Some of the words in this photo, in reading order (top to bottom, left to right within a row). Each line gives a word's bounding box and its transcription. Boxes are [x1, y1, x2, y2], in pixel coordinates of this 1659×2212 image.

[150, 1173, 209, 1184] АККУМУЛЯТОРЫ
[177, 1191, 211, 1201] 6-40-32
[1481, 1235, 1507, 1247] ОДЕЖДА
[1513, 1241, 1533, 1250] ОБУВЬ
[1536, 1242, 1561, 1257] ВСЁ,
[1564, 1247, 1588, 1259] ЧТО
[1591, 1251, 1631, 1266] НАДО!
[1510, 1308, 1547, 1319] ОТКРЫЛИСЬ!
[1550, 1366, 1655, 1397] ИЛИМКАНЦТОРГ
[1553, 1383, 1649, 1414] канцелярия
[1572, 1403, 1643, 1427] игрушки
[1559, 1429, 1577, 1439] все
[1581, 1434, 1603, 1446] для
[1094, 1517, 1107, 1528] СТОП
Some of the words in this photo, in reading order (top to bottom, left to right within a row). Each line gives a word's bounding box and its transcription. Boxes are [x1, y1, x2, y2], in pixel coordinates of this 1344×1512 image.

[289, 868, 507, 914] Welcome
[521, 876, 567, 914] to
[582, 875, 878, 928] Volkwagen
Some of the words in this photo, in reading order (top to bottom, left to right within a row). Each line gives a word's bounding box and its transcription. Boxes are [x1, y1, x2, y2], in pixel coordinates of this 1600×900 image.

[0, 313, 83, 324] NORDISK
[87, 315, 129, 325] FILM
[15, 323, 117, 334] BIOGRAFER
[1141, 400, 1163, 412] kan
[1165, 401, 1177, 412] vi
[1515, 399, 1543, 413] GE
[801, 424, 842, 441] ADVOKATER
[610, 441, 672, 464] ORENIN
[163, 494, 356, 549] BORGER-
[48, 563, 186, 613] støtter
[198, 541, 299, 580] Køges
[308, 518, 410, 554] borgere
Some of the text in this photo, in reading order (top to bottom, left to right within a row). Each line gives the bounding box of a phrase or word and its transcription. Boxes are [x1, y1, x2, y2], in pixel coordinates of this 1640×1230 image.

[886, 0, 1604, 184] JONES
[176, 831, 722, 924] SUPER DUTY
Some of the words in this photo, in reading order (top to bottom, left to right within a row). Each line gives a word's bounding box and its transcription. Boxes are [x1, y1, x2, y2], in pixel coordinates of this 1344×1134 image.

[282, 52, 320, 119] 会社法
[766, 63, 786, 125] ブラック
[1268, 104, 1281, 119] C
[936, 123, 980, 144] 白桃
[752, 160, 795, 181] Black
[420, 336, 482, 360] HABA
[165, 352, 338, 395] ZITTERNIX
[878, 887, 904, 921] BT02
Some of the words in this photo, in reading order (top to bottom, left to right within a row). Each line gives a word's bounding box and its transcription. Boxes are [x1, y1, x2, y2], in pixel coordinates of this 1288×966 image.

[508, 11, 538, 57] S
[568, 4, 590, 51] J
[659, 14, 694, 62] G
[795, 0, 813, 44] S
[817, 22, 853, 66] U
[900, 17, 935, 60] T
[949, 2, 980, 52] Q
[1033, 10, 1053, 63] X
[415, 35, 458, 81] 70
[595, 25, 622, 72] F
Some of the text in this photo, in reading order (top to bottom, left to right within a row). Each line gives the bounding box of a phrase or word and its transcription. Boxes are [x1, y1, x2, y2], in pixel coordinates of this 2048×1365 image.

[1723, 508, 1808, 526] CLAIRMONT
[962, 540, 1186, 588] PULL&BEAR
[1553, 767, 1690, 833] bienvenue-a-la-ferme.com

- - - - - - -

Instructions to follow: Each line above must be returned exactly as written.

Your response:
Some of the words in this photo, in reading order (top to bottom, left to right within a row). Each line gives a word's bounding box and its transcription. Boxes are [x1, y1, x2, y2], in pixel coordinates of this 1659×2212 image.

[150, 1173, 209, 1184] АККУМУЛЯТОРЫ
[177, 1191, 211, 1201] 6-40-32
[1481, 1235, 1507, 1247] ОДЕЖДА
[1513, 1241, 1533, 1250] ОБУВЬ
[1536, 1242, 1561, 1257] ВСЁ,
[1564, 1247, 1588, 1259] ЧТО
[1591, 1251, 1631, 1266] НАДО!
[1510, 1308, 1547, 1319] ОТКРЫЛИСЬ!
[1550, 1366, 1655, 1397] ИЛИМКАНЦТОРГ
[1553, 1383, 1649, 1414] канцелярия
[1572, 1403, 1643, 1427] игрушки
[1559, 1429, 1577, 1439] все
[1581, 1434, 1603, 1446] для
[1094, 1517, 1107, 1528] СТОП
Some of the words in this photo, in reading order (top to bottom, left to right within a row). Each line gives a word's bounding box and its transcription. Boxes are [x1, y1, x2, y2], in pixel coordinates of this 1344×1512 image.

[289, 868, 507, 914] Welcome
[521, 876, 567, 914] to
[582, 875, 878, 928] Volkwagen
Some of the words in this photo, in reading order (top to bottom, left to right within a row). Each line gives a word's bounding box and its transcription. Boxes are [x1, y1, x2, y2], in pixel coordinates of this 1600×900 image.

[0, 313, 83, 324] NORDISK
[87, 315, 129, 325] FILM
[15, 323, 117, 334] BIOGRAFER
[1141, 400, 1163, 412] kan
[1165, 401, 1177, 412] vi
[1515, 399, 1543, 413] GE
[801, 424, 842, 441] ADVOKATER
[610, 441, 672, 464] ORENIN
[163, 494, 356, 549] BORGER-
[48, 563, 186, 613] støtter
[198, 541, 299, 580] Køges
[308, 518, 410, 554] borgere
Some of the text in this photo, in reading order (top to bottom, left to right within a row). Each line gives the bounding box of a phrase or word and its transcription. Boxes are [x1, y1, x2, y2], in pixel coordinates of this 1640×1230 image.

[886, 0, 1604, 184] JONES
[176, 831, 722, 924] SUPER DUTY
Some of the words in this photo, in reading order (top to bottom, left to right within a row). Each line gives a word's bounding box and its transcription. Boxes are [x1, y1, x2, y2], in pixel coordinates of this 1344×1134 image.

[282, 52, 320, 119] 会社法
[766, 63, 786, 125] ブラック
[1268, 104, 1281, 119] C
[936, 123, 980, 144] 白桃
[752, 160, 795, 181] Black
[420, 336, 482, 360] HABA
[165, 352, 338, 395] ZITTERNIX
[878, 887, 904, 921] BT02
Some of the words in this photo, in reading order (top to bottom, left to right within a row). Each line gives a word's bounding box and its transcription. Boxes are [x1, y1, x2, y2], in pixel coordinates of this 1288×966 image.

[508, 11, 538, 57] S
[568, 4, 590, 51] J
[659, 14, 694, 62] G
[795, 0, 813, 44] S
[817, 22, 853, 66] U
[900, 17, 935, 60] T
[949, 2, 980, 52] Q
[1033, 10, 1053, 63] X
[415, 35, 458, 81] 70
[595, 25, 622, 72] F
Some of the text in this photo, in reading order (top to bottom, left to right within a row). Each line gives the bounding box of a phrase or word and its transcription. Boxes are [x1, y1, x2, y2], in pixel coordinates of this 2048×1365 image.

[1723, 508, 1808, 526] CLAIRMONT
[962, 540, 1186, 588] PULL&BEAR
[1553, 767, 1690, 833] bienvenue-a-la-ferme.com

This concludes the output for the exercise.